The Abbe Museum in Bar Harbor, Maine, showcases the history and cultures of Maine’s Native people, the Wabanaki, through changing exhibitions, special events, education workshops, archaeology field schools and craft workshops for children and adults. To do this, the Abbe works directly with Wabanaki communities to center Indigenous voices – a practice that is all too rare among cultural organizations past and present.
Aiming to change this, in 2018 the Abbe launched the Museum Decolonization Institute (MuseDI), a national center and inquiry-based institution focused on educating practitioners on decolonizing public approaches to documenting and interpreting Native American history and experiences.
The Abbe has been undergoing its own decolonizing efforts, and through this have seen a need, and an opportunity, to include other organizations in our journey. The practice of decolonizing museums is relatively emergent, but also essential. The colonial legacies of museum practices continue to do harm. The goal of MuseDI is to expand the discourse around Museum Decolonization and to build a network of practitioners committed to decolonizing.
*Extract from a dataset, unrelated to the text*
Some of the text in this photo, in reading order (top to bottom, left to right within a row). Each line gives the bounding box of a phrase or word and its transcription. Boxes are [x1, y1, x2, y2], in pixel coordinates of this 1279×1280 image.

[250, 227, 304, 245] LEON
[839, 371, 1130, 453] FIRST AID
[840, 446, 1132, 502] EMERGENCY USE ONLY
It is intended to offer guidance and support to organizations who are prepared to do decolonizing work. In 2018, the Abbe Museum was awarded a three-year, nearly $170,000 grant from the Institute for Museum and Library Services, to move MuseDI from concept to reality.
About the Speaker
Starr Kelly is the Curator of Education at the Abbe Museum. Her responsibilities focus on education through dialogue in a decolonizing context. Starr leads the museum’s education and public programs work, including program development and delivery, teacher training, and educational resource development. She is a member of the Algonquin First Nation of Kitigan Zibi Anishinabeg in Quebec. Starr has worked as a middle and high school social studies teacher, and is a social justice oriented educator, developing what she refers to as a “curriculum for dignity.” Her lessons and pedagogical approach put theory into practice by honoring those she teaches about while simultaneously creating an environment which is responsive to the needs of her learners and dignifies her students’ lived experiences. Starr is committed to language and cultural revitalization efforts in Indigenous communities. She is a traditional beadworker in both flat and raised beadwork mediums and enjoys hiking and live music in her spare time.
Starr is a board member of the Maine Archives and Museums where she serves on both the programs and communications committees.
About the Series » Portland’s Sustainability Series
Portland’s Sustainability Series: Leading conversations on Maine’s changing climate
Sustainability (from sustain and ability) is the endurance of systems and processes through time. The Portland Sustainability Series will present a diversity of speakers to share different aspects of the work moving Maine to greater endurance and sustainability. Please join the Portland Public Library and the Southern Maine Conservation Collaborative as we engage in these important issues and conversations.